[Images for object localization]
== Segment start ==

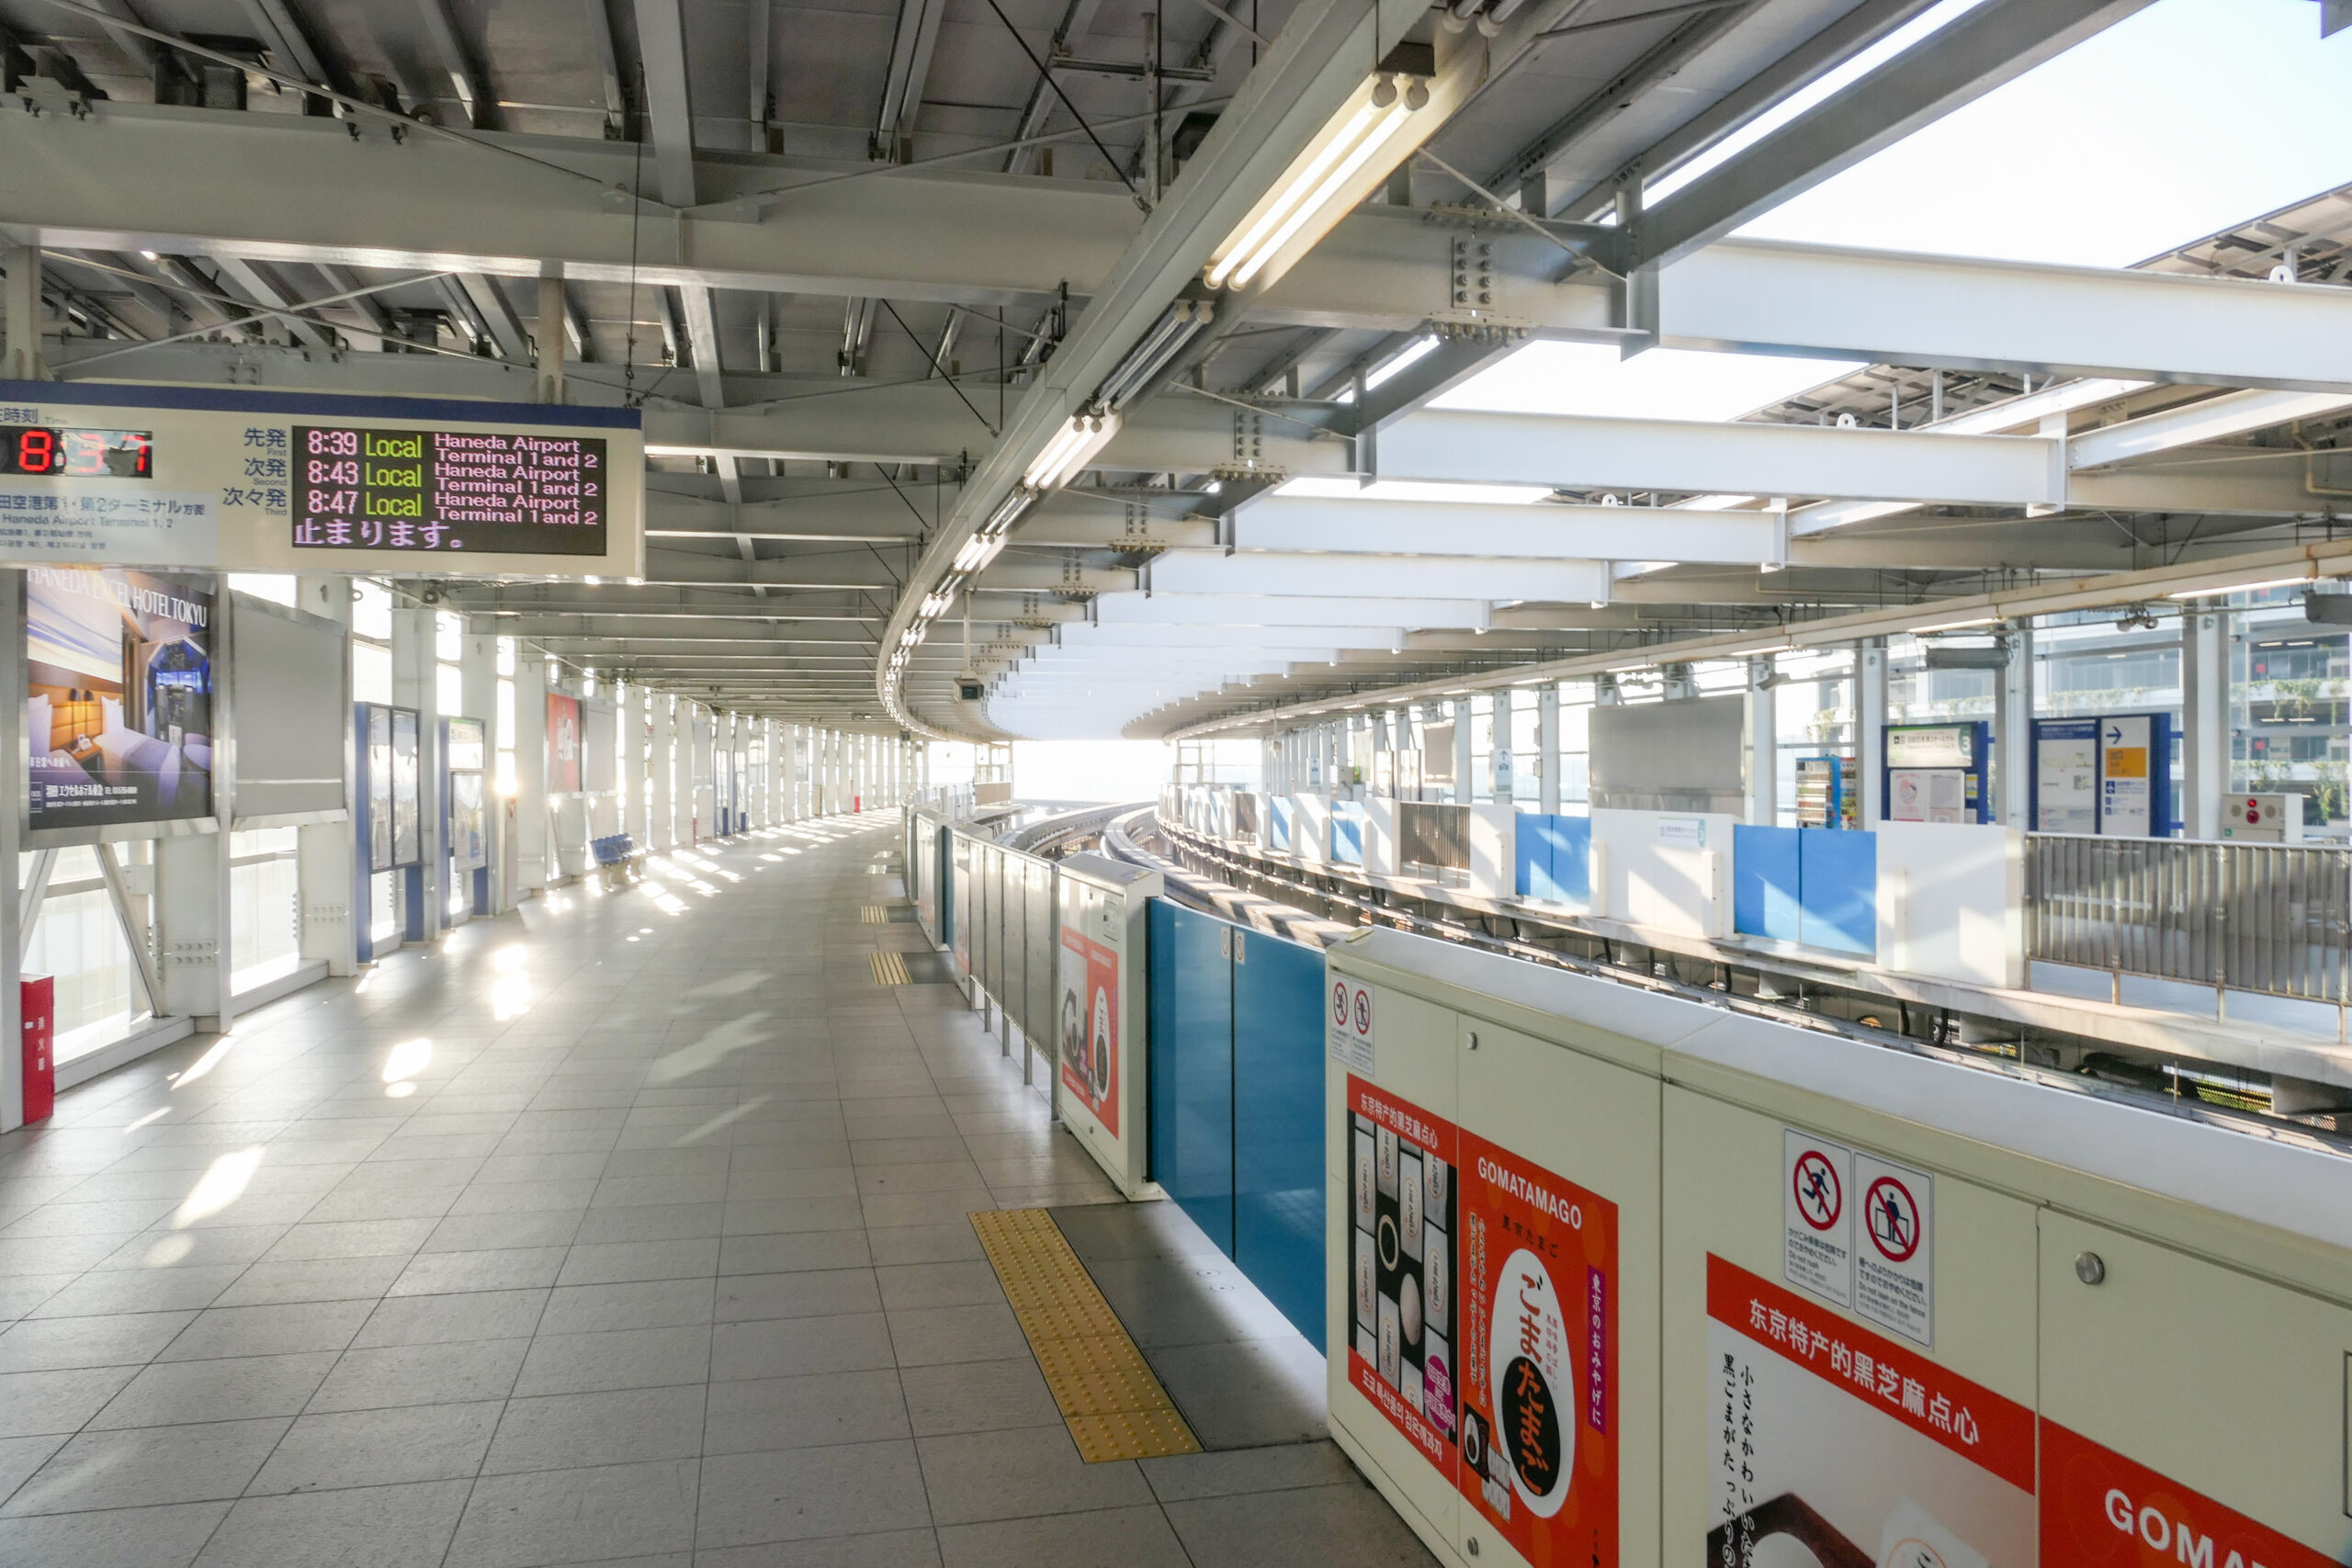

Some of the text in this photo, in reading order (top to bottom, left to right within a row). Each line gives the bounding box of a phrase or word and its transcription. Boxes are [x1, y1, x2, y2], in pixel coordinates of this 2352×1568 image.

[45, 417, 68, 425] Time
[243, 427, 287, 448] 先発
[308, 430, 422, 458] 8:39 Local
[435, 433, 580, 454] Haneda Airport
[266, 448, 287, 457] First
[435, 447, 523, 466] Terminal
[542, 454, 580, 467] and
[584, 455, 597, 468] 2
[243, 457, 287, 478] 次発
[308, 459, 422, 488] 8:43 Local
[435, 462, 580, 482] Haneda Airport
[254, 478, 287, 487] Second
[435, 477, 523, 493] Terminal
[542, 482, 580, 496] and
[584, 482, 597, 497] 2
[222, 487, 287, 507] 次々発
[308, 490, 422, 517] 8:47 Local
[435, 491, 580, 512] Haneda Airport
[2, 513, 50, 525] Haneda
[53, 516, 95, 528] Airport
[100, 516, 150, 527] Terminal
[166, 518, 174, 528] 2
[265, 507, 287, 516] Third
[435, 506, 523, 523] Terminal
[542, 511, 580, 525] and
[584, 512, 597, 525] 2
[294, 518, 463, 549] 止まります。
[28, 568, 208, 627] HANEDA EXCEL HOTEL TOKYU
[1361, 1092, 1439, 1150] 东京特产的黑芝麻点心
[1478, 1156, 1582, 1230] GOMATAMAGO
[1591, 1273, 1602, 1426] 東京のおみやげに
[1748, 1298, 1980, 1446] 东京特产的黑芝麻点心
[1723, 1353, 1736, 1568] 黒ごまがたっぷりの
[2105, 1488, 2267, 1568] GOM

== Segment end ==

Return all records verbatim and drop the pictures.

* _COMPLETED EXERCISE_:
Some of the text in this photo, in reading order (top to bottom, left to right within a row). Each line gives the bounding box of a phrase or word and its transcription. Boxes are [x1, y1, x2, y2], in pixel coordinates of this 2352×1568 image.

[45, 417, 68, 425] Time
[243, 427, 287, 448] 先発
[308, 430, 422, 458] 8:39 Local
[435, 433, 580, 454] Haneda Airport
[266, 448, 287, 457] First
[435, 447, 523, 466] Terminal
[542, 454, 580, 467] and
[584, 455, 597, 468] 2
[243, 457, 287, 478] 次発
[308, 459, 422, 488] 8:43 Local
[435, 462, 580, 482] Haneda Airport
[254, 478, 287, 487] Second
[435, 477, 523, 493] Terminal
[542, 482, 580, 496] and
[584, 482, 597, 497] 2
[222, 487, 287, 507] 次々発
[308, 490, 422, 517] 8:47 Local
[435, 491, 580, 512] Haneda Airport
[2, 513, 50, 525] Haneda
[53, 516, 95, 528] Airport
[100, 516, 150, 527] Terminal
[166, 518, 174, 528] 2
[265, 507, 287, 516] Third
[435, 506, 523, 523] Terminal
[542, 511, 580, 525] and
[584, 512, 597, 525] 2
[294, 518, 463, 549] 止まります。
[28, 568, 208, 627] HANEDA EXCEL HOTEL TOKYU
[1361, 1092, 1439, 1150] 东京特产的黑芝麻点心
[1478, 1156, 1582, 1230] GOMATAMAGO
[1591, 1273, 1602, 1426] 東京のおみやげに
[1748, 1298, 1980, 1446] 东京特产的黑芝麻点心
[1723, 1353, 1736, 1568] 黒ごまがたっぷりの
[2105, 1488, 2267, 1568] GOM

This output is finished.